- PROMPT -
In the records below, find the line that contains "this 1920×1080 image.", then transcribe it and every later line exactly, stopping at the final line.

START TASK DATA

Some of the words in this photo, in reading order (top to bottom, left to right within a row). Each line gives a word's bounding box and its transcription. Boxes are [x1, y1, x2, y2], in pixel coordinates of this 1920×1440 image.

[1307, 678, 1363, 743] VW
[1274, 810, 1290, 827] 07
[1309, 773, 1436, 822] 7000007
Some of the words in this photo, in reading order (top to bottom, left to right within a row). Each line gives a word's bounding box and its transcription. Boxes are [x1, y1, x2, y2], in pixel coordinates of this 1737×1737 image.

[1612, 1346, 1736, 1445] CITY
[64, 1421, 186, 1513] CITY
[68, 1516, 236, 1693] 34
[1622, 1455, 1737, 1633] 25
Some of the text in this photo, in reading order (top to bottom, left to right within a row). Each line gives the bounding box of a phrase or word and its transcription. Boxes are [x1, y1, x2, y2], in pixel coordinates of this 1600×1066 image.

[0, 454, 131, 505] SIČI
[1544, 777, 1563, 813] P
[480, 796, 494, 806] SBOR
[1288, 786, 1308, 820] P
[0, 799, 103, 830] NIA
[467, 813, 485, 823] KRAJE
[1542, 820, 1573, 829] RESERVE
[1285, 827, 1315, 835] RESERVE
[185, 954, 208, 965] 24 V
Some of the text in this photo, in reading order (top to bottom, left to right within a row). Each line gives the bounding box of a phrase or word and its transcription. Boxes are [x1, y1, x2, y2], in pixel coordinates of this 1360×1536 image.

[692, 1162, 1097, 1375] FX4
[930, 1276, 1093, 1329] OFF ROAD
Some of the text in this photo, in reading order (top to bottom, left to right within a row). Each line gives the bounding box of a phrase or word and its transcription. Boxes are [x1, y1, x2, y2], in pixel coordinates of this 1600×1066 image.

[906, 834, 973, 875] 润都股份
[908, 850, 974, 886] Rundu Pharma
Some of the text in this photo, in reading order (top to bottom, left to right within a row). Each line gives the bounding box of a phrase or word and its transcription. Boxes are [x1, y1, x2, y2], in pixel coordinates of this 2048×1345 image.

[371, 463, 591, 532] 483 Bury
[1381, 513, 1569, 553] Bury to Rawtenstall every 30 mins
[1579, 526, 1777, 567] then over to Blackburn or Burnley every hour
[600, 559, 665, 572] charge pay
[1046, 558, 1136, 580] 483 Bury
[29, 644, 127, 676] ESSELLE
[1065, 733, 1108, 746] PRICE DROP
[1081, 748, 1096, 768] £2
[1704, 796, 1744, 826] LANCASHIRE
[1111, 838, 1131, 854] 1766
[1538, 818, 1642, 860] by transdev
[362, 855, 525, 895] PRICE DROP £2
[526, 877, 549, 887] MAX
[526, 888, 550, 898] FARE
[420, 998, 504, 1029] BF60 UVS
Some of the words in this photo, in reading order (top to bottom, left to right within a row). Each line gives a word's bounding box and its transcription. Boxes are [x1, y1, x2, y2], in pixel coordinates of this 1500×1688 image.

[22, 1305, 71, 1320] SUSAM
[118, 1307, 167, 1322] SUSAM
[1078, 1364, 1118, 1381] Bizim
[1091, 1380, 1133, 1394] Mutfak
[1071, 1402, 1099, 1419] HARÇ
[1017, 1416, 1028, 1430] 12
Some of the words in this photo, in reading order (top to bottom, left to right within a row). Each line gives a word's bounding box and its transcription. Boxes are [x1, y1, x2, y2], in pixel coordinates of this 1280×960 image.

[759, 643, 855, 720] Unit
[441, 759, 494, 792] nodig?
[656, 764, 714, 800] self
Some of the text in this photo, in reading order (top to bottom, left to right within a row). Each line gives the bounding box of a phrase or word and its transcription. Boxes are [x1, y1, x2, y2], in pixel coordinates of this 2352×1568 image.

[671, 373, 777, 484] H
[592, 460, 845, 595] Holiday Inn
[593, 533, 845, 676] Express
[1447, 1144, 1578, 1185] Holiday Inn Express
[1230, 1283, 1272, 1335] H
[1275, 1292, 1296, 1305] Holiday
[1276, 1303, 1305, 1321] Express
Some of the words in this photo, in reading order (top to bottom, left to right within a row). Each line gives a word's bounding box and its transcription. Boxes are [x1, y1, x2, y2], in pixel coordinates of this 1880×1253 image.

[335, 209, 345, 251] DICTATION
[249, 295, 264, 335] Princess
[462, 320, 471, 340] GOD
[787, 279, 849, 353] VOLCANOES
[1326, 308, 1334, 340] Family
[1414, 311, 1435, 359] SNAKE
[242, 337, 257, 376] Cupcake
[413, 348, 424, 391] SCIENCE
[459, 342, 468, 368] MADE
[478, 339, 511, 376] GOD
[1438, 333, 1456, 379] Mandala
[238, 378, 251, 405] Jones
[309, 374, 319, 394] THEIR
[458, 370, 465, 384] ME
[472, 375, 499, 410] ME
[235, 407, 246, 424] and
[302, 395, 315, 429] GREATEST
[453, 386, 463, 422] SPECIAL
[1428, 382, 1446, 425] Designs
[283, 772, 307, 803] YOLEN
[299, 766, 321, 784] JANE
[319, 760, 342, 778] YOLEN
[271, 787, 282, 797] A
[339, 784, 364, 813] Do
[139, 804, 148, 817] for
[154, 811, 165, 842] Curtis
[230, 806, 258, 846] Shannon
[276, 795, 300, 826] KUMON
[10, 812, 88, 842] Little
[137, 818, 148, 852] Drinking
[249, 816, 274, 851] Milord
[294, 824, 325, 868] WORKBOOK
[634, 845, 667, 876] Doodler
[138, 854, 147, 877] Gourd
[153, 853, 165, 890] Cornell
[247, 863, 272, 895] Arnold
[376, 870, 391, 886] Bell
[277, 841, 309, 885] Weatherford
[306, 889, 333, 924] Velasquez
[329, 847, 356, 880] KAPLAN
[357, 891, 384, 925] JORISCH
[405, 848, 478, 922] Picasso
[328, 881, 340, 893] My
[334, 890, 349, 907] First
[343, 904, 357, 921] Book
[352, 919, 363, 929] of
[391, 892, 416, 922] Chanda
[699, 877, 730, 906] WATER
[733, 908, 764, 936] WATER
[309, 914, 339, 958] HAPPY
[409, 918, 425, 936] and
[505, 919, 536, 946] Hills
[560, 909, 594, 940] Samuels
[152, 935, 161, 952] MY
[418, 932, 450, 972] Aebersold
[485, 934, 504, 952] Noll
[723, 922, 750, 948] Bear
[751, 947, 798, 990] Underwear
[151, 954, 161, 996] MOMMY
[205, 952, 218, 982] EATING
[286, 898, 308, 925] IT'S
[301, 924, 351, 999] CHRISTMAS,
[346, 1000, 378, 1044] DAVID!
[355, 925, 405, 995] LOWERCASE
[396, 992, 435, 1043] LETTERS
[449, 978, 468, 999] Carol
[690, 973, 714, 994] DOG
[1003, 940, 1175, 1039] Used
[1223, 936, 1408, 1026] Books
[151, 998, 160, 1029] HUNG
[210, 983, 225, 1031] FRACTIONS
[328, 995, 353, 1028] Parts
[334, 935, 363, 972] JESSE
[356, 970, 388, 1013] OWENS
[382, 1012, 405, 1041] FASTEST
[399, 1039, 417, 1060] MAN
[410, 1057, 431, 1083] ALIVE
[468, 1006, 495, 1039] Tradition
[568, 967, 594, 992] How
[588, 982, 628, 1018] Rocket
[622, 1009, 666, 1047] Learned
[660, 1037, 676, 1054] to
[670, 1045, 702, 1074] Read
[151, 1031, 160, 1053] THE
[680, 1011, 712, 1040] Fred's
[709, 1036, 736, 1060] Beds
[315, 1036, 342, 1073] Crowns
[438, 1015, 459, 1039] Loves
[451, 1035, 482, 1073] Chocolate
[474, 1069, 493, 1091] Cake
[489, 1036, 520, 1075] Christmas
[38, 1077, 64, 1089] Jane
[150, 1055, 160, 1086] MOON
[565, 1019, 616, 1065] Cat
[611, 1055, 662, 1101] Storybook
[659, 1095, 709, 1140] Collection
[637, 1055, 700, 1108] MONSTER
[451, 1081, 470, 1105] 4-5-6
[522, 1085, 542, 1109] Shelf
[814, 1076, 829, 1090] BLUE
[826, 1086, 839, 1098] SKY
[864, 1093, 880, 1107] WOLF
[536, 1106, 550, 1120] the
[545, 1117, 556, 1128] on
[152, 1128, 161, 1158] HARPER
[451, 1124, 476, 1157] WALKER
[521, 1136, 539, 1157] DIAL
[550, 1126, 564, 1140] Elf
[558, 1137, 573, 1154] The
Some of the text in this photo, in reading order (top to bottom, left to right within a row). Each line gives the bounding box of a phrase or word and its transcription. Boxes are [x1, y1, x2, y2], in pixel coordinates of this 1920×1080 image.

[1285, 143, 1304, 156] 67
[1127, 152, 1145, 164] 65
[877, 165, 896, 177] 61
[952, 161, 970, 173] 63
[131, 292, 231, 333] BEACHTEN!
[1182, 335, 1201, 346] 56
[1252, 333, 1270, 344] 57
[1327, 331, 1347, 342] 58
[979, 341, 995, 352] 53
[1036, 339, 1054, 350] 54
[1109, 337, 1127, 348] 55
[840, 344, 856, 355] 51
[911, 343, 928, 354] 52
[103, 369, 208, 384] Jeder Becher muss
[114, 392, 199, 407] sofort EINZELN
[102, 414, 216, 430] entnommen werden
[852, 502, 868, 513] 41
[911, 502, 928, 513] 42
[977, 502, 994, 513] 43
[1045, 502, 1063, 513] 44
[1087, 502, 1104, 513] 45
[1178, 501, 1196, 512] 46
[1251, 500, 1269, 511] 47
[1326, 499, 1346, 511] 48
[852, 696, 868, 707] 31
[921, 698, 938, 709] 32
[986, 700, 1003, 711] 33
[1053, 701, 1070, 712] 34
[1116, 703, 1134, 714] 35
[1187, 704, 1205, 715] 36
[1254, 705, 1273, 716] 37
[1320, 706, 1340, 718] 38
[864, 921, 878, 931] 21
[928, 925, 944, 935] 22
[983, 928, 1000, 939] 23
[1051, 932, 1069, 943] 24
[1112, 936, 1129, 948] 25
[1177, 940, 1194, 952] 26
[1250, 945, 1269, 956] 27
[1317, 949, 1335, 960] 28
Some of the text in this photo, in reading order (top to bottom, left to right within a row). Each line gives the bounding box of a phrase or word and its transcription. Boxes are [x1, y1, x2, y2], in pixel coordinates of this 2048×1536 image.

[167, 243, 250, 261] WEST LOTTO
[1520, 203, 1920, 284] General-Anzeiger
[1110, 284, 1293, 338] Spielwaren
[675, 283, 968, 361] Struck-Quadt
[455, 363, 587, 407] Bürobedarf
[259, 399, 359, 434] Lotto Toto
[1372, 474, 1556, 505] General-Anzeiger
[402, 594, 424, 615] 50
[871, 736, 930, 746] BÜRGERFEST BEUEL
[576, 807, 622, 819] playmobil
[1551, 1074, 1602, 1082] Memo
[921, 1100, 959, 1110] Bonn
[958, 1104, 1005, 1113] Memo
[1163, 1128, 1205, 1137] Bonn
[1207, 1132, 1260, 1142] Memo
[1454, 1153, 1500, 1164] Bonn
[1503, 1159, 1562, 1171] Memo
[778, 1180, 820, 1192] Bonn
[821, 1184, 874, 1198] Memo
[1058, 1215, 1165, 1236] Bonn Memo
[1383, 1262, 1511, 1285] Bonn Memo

END TASK DATA

- SOLVED EXERCISE -
Some of the text in this photo, in reading order (top to bottom, left to right within a row). Each line gives the bounding box of a phrase or word and its transcription. Boxes are [x1, y1, x2, y2], in pixel coordinates of this 1920×1080 image.

[1285, 143, 1304, 156] 67
[1127, 152, 1145, 164] 65
[877, 165, 896, 177] 61
[952, 161, 970, 173] 63
[131, 292, 231, 333] BEACHTEN!
[1182, 335, 1201, 346] 56
[1252, 333, 1270, 344] 57
[1327, 331, 1347, 342] 58
[979, 341, 995, 352] 53
[1036, 339, 1054, 350] 54
[1109, 337, 1127, 348] 55
[840, 344, 856, 355] 51
[911, 343, 928, 354] 52
[103, 369, 208, 384] Jeder Becher muss
[114, 392, 199, 407] sofort EINZELN
[102, 414, 216, 430] entnommen werden
[852, 502, 868, 513] 41
[911, 502, 928, 513] 42
[977, 502, 994, 513] 43
[1045, 502, 1063, 513] 44
[1087, 502, 1104, 513] 45
[1178, 501, 1196, 512] 46
[1251, 500, 1269, 511] 47
[1326, 499, 1346, 511] 48
[852, 696, 868, 707] 31
[921, 698, 938, 709] 32
[986, 700, 1003, 711] 33
[1053, 701, 1070, 712] 34
[1116, 703, 1134, 714] 35
[1187, 704, 1205, 715] 36
[1254, 705, 1273, 716] 37
[1320, 706, 1340, 718] 38
[864, 921, 878, 931] 21
[928, 925, 944, 935] 22
[983, 928, 1000, 939] 23
[1051, 932, 1069, 943] 24
[1112, 936, 1129, 948] 25
[1177, 940, 1194, 952] 26
[1250, 945, 1269, 956] 27
[1317, 949, 1335, 960] 28
Some of the text in this photo, in reading order (top to bottom, left to right within a row). Each line gives the bounding box of a phrase or word and its transcription. Boxes are [x1, y1, x2, y2], in pixel coordinates of this 2048×1536 image.

[167, 243, 250, 261] WEST LOTTO
[1520, 203, 1920, 284] General-Anzeiger
[1110, 284, 1293, 338] Spielwaren
[675, 283, 968, 361] Struck-Quadt
[455, 363, 587, 407] Bürobedarf
[259, 399, 359, 434] Lotto Toto
[1372, 474, 1556, 505] General-Anzeiger
[402, 594, 424, 615] 50
[871, 736, 930, 746] BÜRGERFEST BEUEL
[576, 807, 622, 819] playmobil
[1551, 1074, 1602, 1082] Memo
[921, 1100, 959, 1110] Bonn
[958, 1104, 1005, 1113] Memo
[1163, 1128, 1205, 1137] Bonn
[1207, 1132, 1260, 1142] Memo
[1454, 1153, 1500, 1164] Bonn
[1503, 1159, 1562, 1171] Memo
[778, 1180, 820, 1192] Bonn
[821, 1184, 874, 1198] Memo
[1058, 1215, 1165, 1236] Bonn Memo
[1383, 1262, 1511, 1285] Bonn Memo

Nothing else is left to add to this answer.